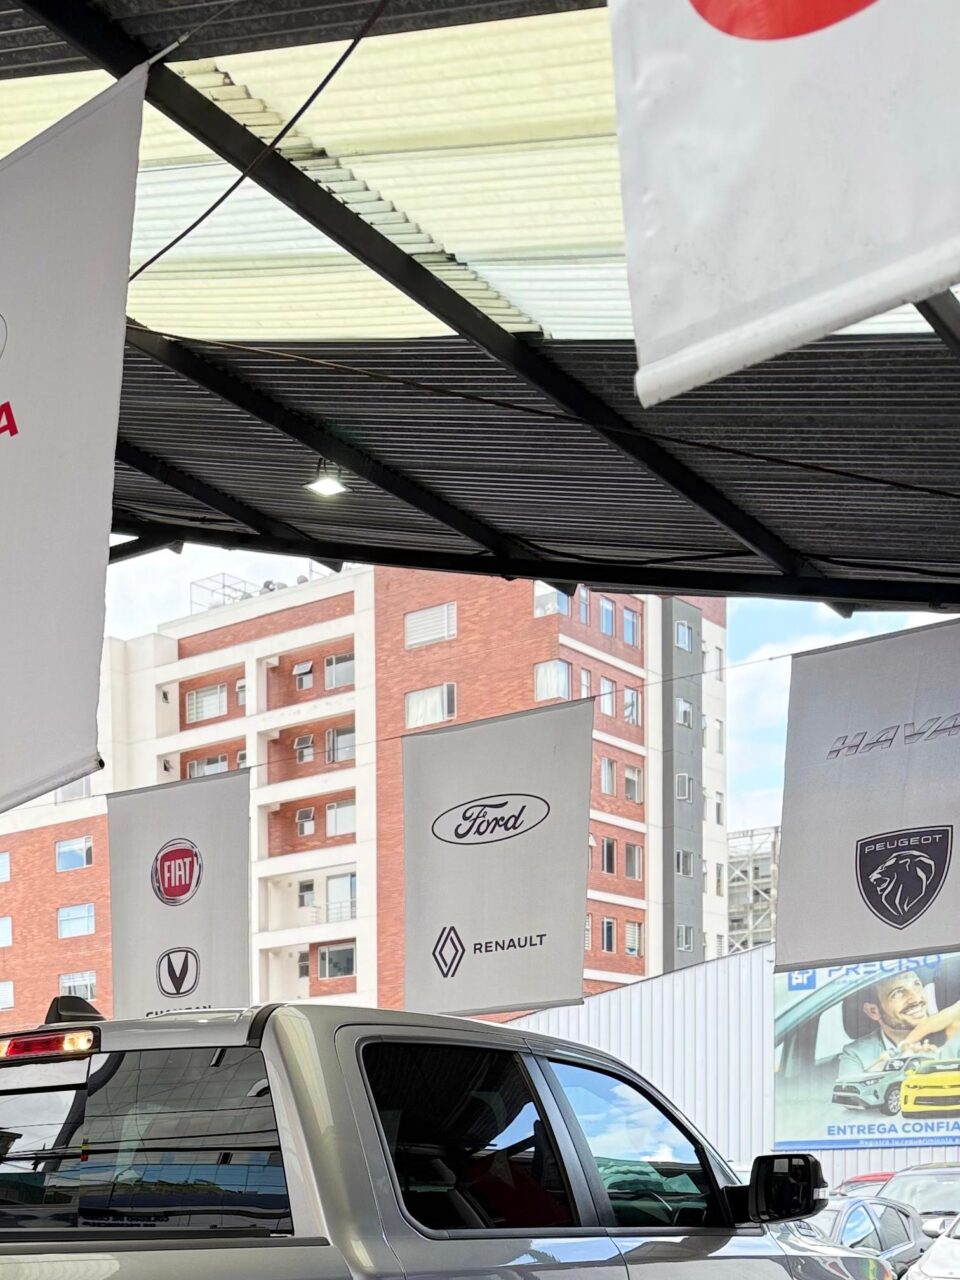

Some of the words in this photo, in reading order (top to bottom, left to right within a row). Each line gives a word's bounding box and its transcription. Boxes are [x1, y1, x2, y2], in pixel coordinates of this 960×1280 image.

[454, 800, 527, 839] Ford
[864, 834, 943, 854] PEUGEOT
[163, 856, 193, 888] FIAT
[473, 933, 547, 954] RENAULT
[827, 1123, 898, 1136] ENTREGA

Required action: Copy out the preceding entries without a single change, leaving out the pictures.

Answer section:
Some of the words in this photo, in reading order (top to bottom, left to right within a row). Each line gives a word's bounding box and its transcription. Boxes are [x1, y1, x2, y2], in pixel coordinates of this 960×1280 image.

[454, 800, 527, 839] Ford
[864, 834, 943, 854] PEUGEOT
[163, 856, 193, 888] FIAT
[473, 933, 547, 954] RENAULT
[827, 1123, 898, 1136] ENTREGA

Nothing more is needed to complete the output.